(Data extract):
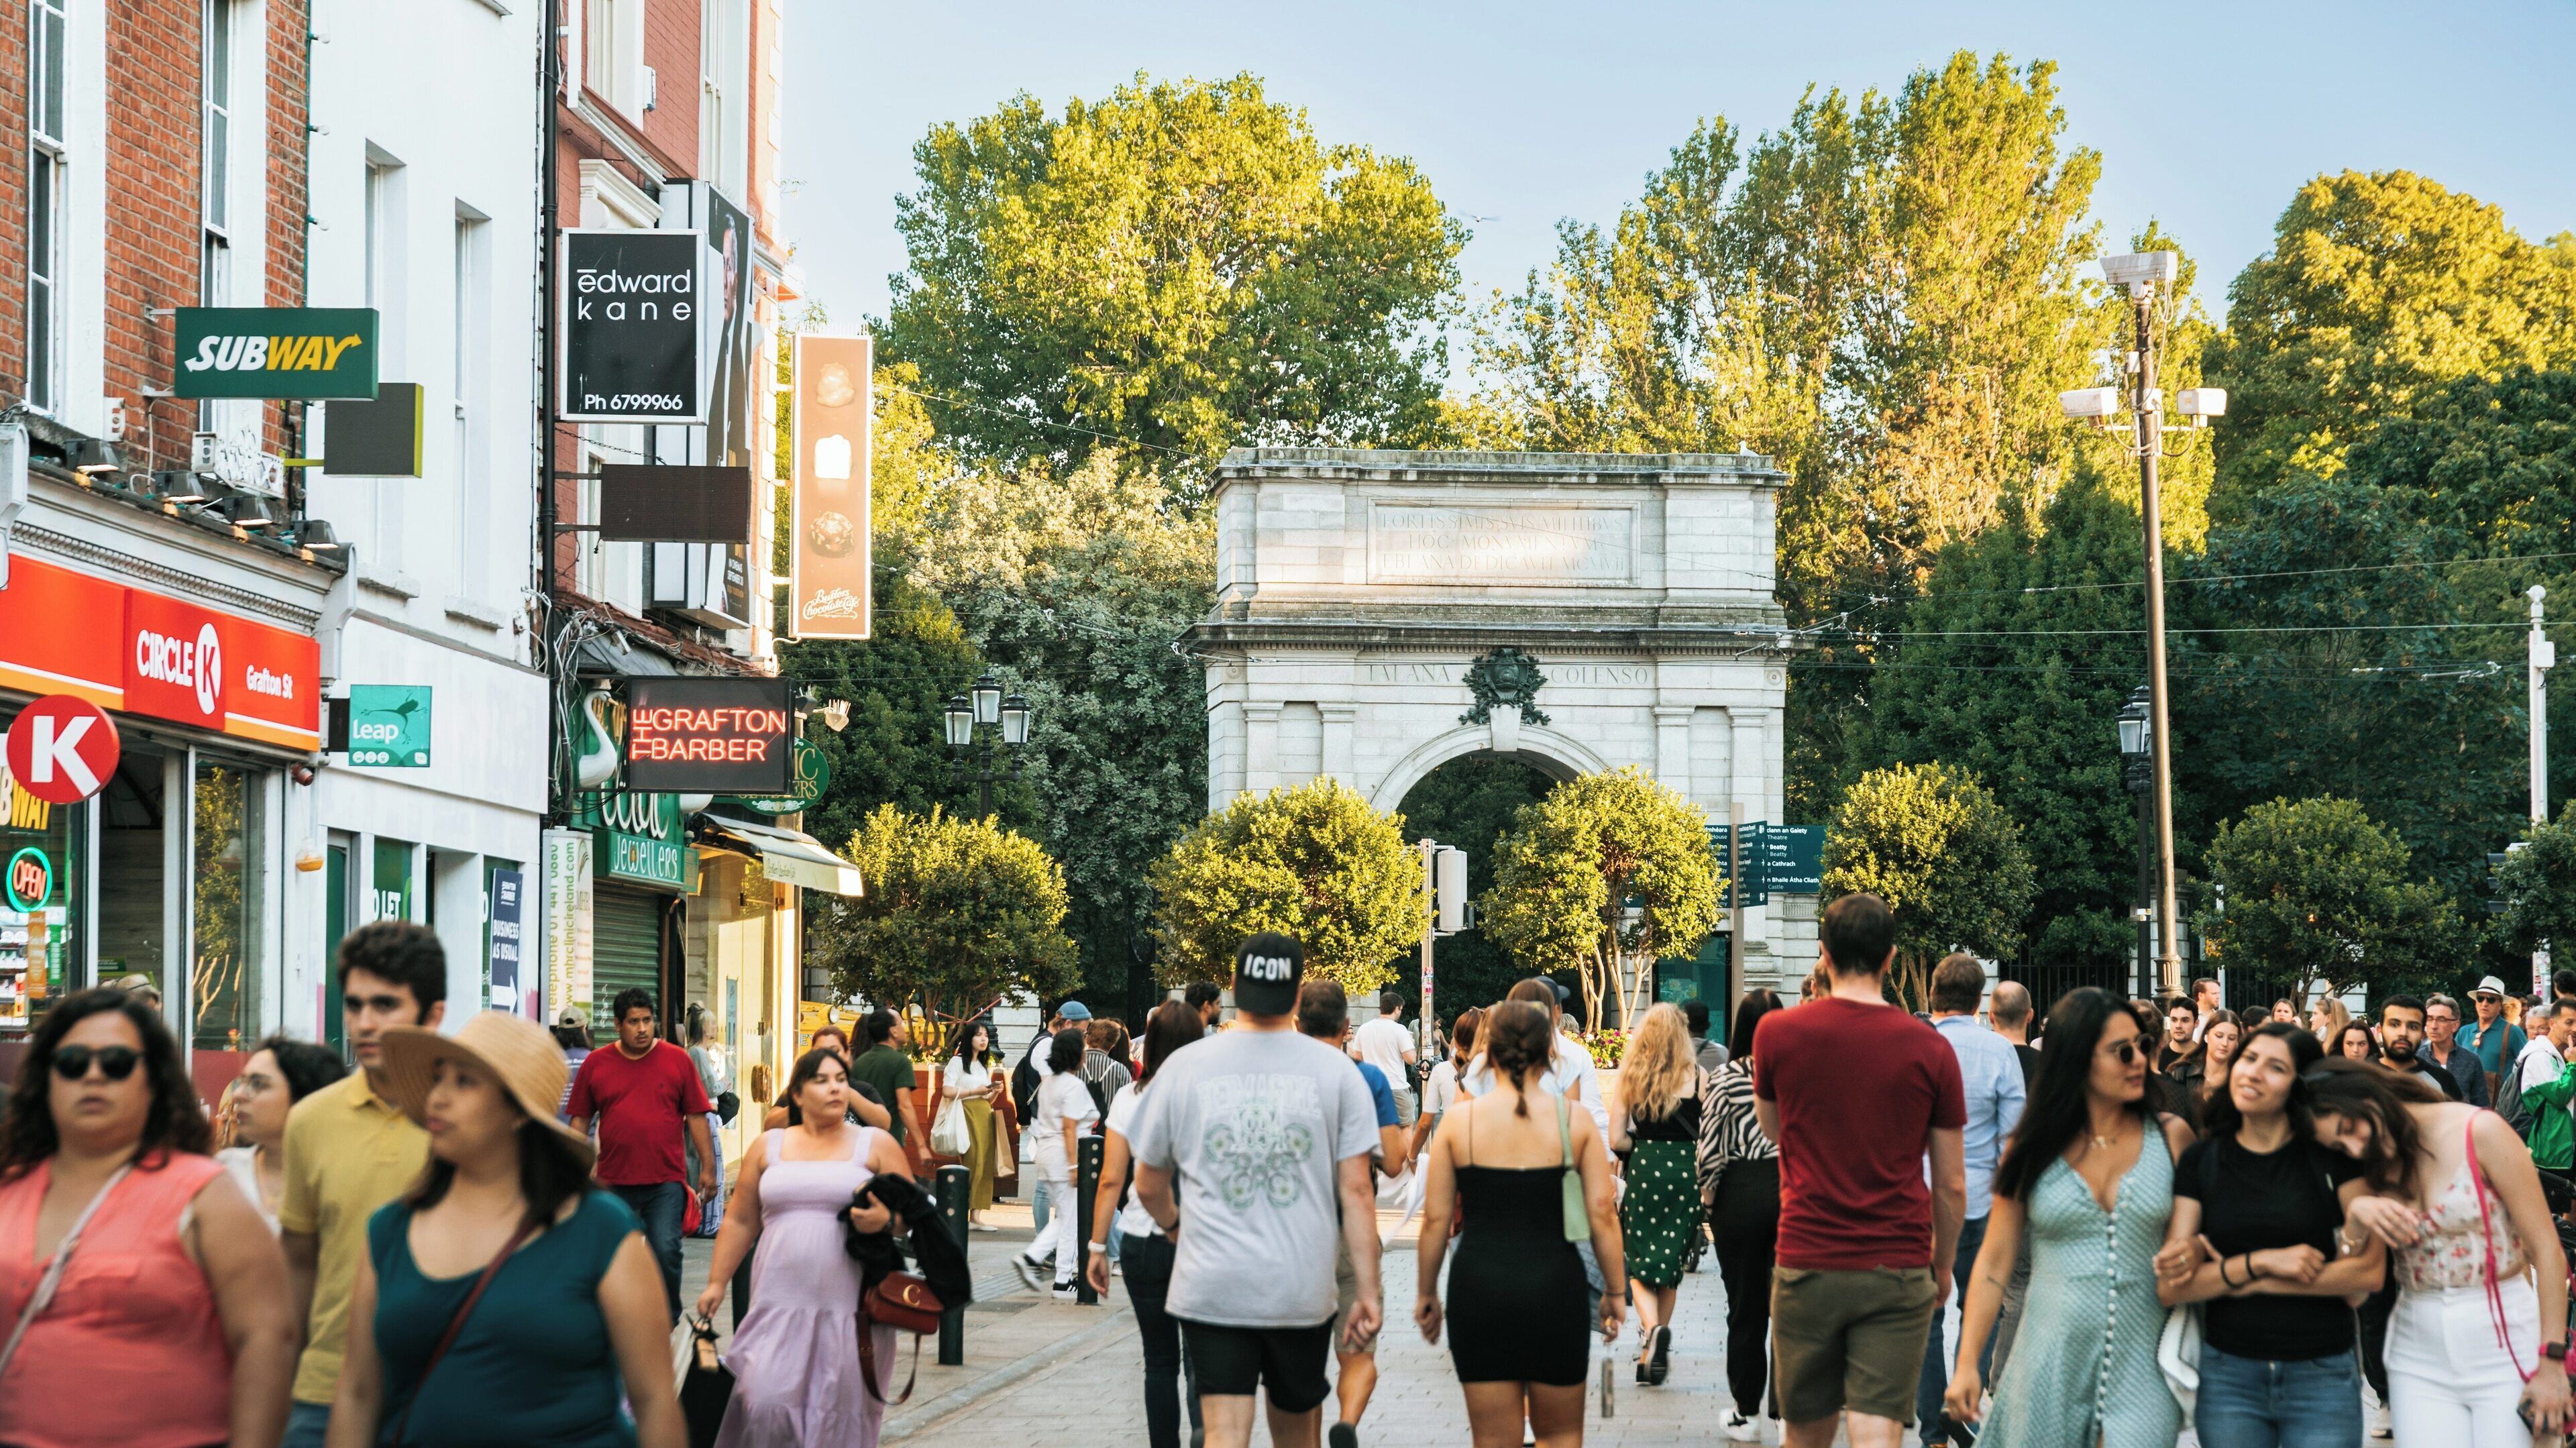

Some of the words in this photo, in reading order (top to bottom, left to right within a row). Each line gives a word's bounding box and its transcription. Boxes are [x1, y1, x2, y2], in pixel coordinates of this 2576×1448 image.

[578, 296, 692, 321] kane
[184, 334, 362, 372] SUBWAY
[584, 394, 606, 410] Ph
[610, 394, 683, 410] 6799966
[136, 629, 193, 687] CIRCLE
[246, 665, 281, 695] Grafton
[282, 673, 293, 700] St
[1551, 666, 1648, 684] COLENSO
[353, 719, 399, 744] leap
[632, 708, 653, 760] THE
[652, 708, 786, 734] GRAFTON
[30, 715, 101, 798] K
[651, 738, 765, 761] BARBER
[12, 859, 47, 900] OPEN
[381, 890, 401, 923] LET
[493, 919, 520, 940] BUSINESS
[564, 842, 575, 1006] ww.mhrclinicireland.com
[492, 942, 500, 960] AS
[500, 942, 519, 962] USUAL
[1244, 953, 1291, 981] ICON
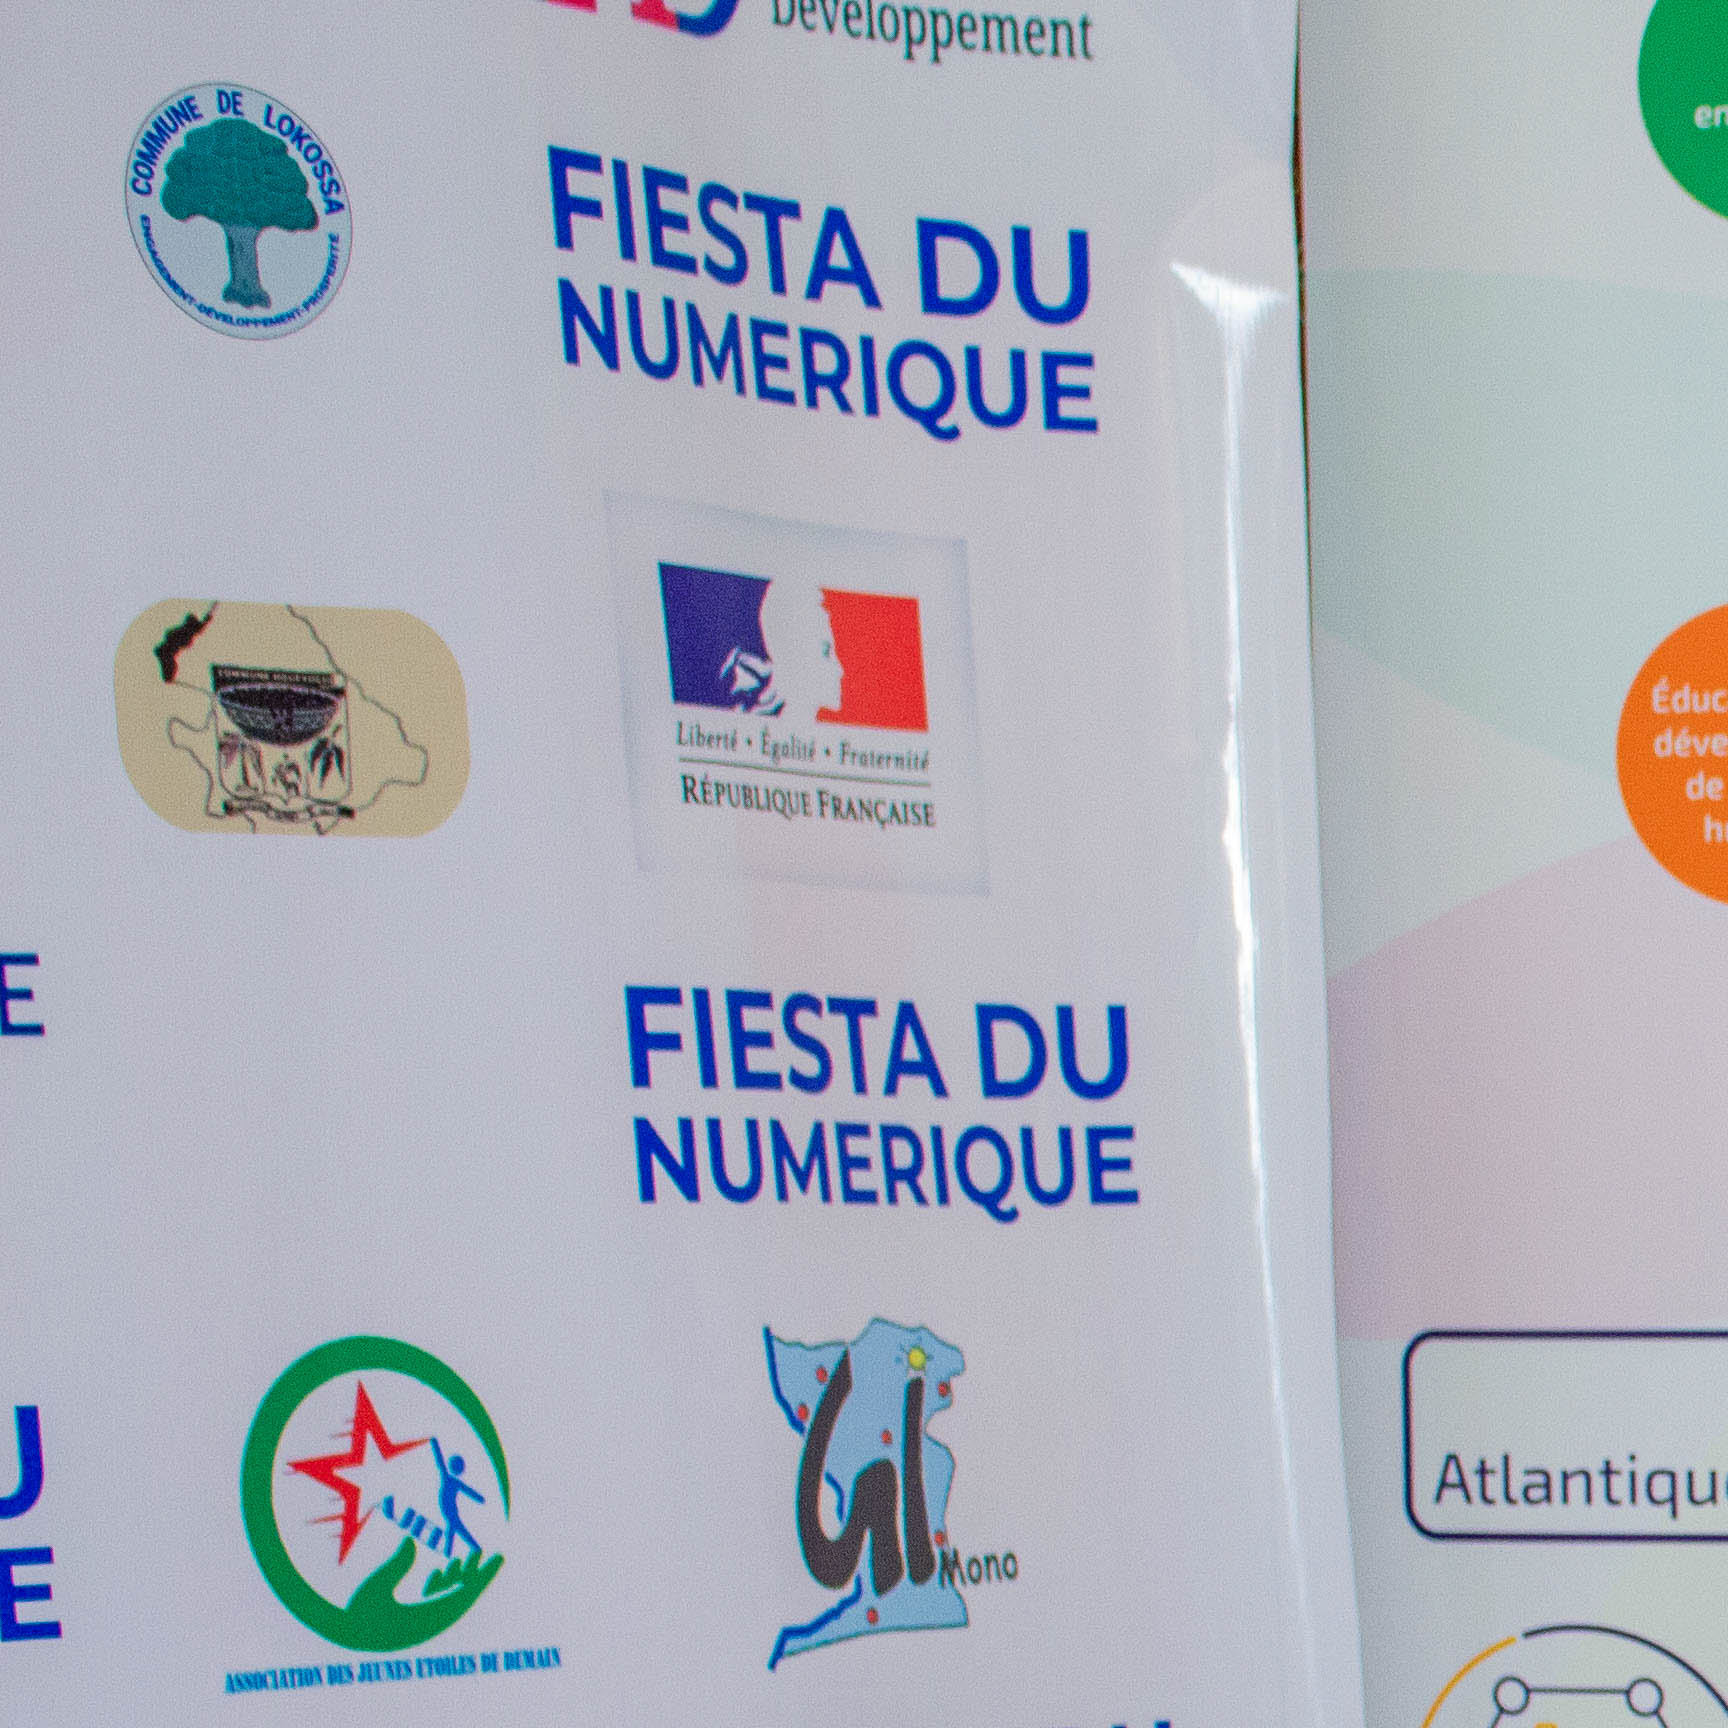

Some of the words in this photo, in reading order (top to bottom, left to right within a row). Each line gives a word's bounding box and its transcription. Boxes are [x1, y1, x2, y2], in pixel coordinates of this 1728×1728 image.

[131, 95, 204, 197] COMMUNE
[216, 88, 244, 116] DE
[263, 103, 346, 217] LOKOSSA
[547, 144, 884, 312] FIESTA
[915, 216, 1092, 326] DU
[556, 276, 1100, 442] NUMERIQUE
[675, 719, 738, 752] Liberté
[839, 740, 930, 772] Fraternité
[1685, 770, 1725, 802] de
[623, 984, 949, 1099] FIESTA
[973, 1002, 1132, 1101] DU
[631, 1114, 1141, 1225] NUMERIQUE

(About this exercise): Please print every record exactly, leaving out the pictures.

(Exercise solution):
Some of the words in this photo, in reading order (top to bottom, left to right within a row). Each line gives a word's bounding box and its transcription. Boxes are [x1, y1, x2, y2], in pixel coordinates of this 2576×1448 image.

[578, 296, 692, 321] kane
[184, 334, 362, 372] SUBWAY
[584, 394, 606, 410] Ph
[610, 394, 683, 410] 6799966
[136, 629, 193, 687] CIRCLE
[246, 665, 281, 695] Grafton
[282, 673, 293, 700] St
[1551, 666, 1648, 684] COLENSO
[353, 719, 399, 744] leap
[632, 708, 653, 760] THE
[652, 708, 786, 734] GRAFTON
[30, 715, 101, 798] K
[651, 738, 765, 761] BARBER
[12, 859, 47, 900] OPEN
[381, 890, 401, 923] LET
[493, 919, 520, 940] BUSINESS
[564, 842, 575, 1006] ww.mhrclinicireland.com
[492, 942, 500, 960] AS
[500, 942, 519, 962] USUAL
[1244, 953, 1291, 981] ICON

Some of the words in this photo, in reading order (top to bottom, left to right within a row). Each line gives a word's bounding box and its transcription. Boxes are [x1, y1, x2, y2], in pixel coordinates of this 1728×1728 image.

[131, 95, 204, 197] COMMUNE
[216, 88, 244, 116] DE
[263, 103, 346, 217] LOKOSSA
[547, 144, 884, 312] FIESTA
[915, 216, 1092, 326] DU
[556, 276, 1100, 442] NUMERIQUE
[675, 719, 738, 752] Liberté
[839, 740, 930, 772] Fraternité
[1685, 770, 1725, 802] de
[623, 984, 949, 1099] FIESTA
[973, 1002, 1132, 1101] DU
[631, 1114, 1141, 1225] NUMERIQUE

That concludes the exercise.